Users can also generate and manage well handover documentation, track scaling issues and determine mean time to failure of equipment to establish risk-based inspection frequencies. But just as important is the ability to manage by exception, given the deluge of data faced by oil and gas operators today. With a system managing by exception and automatically identifying issues using a simple traffic light system, issuing email alerts and automatically risk-ranking wells that fail to meet safe operational limits; it is possible to establish effective control of well integrity.

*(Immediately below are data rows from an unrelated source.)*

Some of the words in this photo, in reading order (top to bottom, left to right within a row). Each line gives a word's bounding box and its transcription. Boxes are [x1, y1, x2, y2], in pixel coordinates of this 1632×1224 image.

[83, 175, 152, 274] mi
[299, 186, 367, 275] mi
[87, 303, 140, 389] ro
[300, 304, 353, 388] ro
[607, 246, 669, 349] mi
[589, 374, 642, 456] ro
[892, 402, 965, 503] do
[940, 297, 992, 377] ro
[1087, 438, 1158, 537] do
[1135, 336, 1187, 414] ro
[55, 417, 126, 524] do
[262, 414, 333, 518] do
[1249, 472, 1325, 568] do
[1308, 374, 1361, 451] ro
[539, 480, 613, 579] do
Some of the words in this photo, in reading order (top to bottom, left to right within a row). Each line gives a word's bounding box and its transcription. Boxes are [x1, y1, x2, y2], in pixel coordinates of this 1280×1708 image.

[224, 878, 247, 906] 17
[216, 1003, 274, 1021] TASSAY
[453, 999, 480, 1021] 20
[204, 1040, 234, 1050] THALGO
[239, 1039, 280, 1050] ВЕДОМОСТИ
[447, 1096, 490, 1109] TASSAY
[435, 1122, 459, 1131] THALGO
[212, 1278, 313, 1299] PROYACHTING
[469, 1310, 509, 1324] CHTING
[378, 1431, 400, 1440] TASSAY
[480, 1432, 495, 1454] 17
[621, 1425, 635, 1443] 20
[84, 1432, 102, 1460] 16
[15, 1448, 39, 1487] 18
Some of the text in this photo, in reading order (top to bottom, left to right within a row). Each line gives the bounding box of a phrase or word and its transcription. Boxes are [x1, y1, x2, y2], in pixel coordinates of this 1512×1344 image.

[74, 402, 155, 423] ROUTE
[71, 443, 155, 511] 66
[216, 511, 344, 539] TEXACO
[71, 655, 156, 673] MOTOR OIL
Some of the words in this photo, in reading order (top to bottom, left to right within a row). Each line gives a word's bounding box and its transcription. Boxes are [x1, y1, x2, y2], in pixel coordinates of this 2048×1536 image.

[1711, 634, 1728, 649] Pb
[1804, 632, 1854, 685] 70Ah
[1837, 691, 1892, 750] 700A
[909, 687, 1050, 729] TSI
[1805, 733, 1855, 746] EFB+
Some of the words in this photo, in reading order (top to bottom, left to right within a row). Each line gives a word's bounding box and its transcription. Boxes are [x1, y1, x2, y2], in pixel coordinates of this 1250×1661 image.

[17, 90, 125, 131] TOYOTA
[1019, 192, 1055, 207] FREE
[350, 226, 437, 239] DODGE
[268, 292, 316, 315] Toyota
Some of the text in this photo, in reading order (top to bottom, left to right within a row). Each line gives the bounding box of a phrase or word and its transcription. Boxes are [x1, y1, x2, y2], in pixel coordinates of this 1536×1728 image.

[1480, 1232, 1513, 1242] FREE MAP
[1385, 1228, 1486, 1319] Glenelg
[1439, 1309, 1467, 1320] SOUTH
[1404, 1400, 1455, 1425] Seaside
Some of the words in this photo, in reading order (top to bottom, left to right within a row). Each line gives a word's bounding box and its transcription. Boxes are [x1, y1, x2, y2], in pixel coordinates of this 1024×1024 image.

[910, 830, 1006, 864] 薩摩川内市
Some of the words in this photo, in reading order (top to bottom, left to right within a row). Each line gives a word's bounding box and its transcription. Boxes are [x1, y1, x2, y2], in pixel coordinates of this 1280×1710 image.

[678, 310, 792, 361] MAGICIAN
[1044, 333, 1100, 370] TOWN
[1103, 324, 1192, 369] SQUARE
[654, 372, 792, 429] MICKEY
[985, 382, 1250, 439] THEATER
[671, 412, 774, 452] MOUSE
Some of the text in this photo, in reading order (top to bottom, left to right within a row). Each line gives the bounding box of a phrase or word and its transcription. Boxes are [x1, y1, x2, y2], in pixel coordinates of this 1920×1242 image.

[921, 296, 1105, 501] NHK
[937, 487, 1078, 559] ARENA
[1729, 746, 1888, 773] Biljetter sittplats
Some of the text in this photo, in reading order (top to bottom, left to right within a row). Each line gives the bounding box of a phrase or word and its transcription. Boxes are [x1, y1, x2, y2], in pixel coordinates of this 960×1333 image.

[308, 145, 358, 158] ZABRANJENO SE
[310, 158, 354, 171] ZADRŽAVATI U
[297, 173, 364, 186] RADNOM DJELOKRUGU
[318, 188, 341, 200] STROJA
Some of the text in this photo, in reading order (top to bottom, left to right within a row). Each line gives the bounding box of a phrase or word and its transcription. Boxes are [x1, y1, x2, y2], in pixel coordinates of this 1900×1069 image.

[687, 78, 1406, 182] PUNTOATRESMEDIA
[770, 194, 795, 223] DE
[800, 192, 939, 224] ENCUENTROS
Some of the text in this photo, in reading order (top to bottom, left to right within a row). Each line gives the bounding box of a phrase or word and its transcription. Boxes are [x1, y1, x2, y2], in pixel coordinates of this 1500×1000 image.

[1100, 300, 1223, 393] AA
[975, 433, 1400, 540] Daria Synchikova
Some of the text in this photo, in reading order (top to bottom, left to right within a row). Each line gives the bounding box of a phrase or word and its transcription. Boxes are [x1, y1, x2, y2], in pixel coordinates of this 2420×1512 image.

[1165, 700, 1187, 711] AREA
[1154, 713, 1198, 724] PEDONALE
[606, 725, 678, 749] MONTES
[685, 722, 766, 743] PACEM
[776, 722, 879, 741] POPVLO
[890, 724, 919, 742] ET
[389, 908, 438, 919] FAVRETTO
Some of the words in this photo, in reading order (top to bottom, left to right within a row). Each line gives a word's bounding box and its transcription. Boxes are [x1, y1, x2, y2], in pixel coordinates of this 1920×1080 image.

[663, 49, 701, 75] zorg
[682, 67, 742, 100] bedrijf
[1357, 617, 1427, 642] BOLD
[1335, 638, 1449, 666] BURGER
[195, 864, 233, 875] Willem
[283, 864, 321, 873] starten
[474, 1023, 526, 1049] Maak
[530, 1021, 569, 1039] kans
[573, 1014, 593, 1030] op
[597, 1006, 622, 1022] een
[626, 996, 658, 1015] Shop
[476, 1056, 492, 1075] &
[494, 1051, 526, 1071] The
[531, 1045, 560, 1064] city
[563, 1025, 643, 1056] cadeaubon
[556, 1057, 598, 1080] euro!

Although the risk of a blowout occurring during the operating phase of a well is much lower than that during the drilling phase, the risk to production posed by well shut-ins or abandonment and the fact an oil and gas firm typically operates hundreds or even thousands of wells simultaneously means that the level of corporate risk is no less significant.
Many of the major incidents to have occurred in the oil and gas sector in recent history have been the result of a clash of routine activities. The risk level on one well, for example, may be compounded by the integrity issues on offset wells. This is easily visualized using a well integrity management system, which prevents the potential escalation of overall installation risk.
Accurate and real-time well integrity data ensures critical systems and equipment perform as expected, that production is optimized and that wells are operated in a way that maintains the optimum safe condition for their whole design life. The result is higher productivity and major cost savings for operators for a relatively low-cost software implementation that obtains maximum value from well integrity data. At the same time, presenting this information via a management dashboard provides senior executives and other users with a 360° view of well integrity at the individual well, field and company level.
With tolerance to environmental and reputational damage at an all-time low, oil and gas operators must ensure they have an effective oversight of every aspect of their business. A well integrity management system with dashboard and exception-reporting functionality enables operators to prove adherence to corporate governance policies and regulatory demands, ensure high integrity of operating wells and manage risk as part of a robust and auditable process.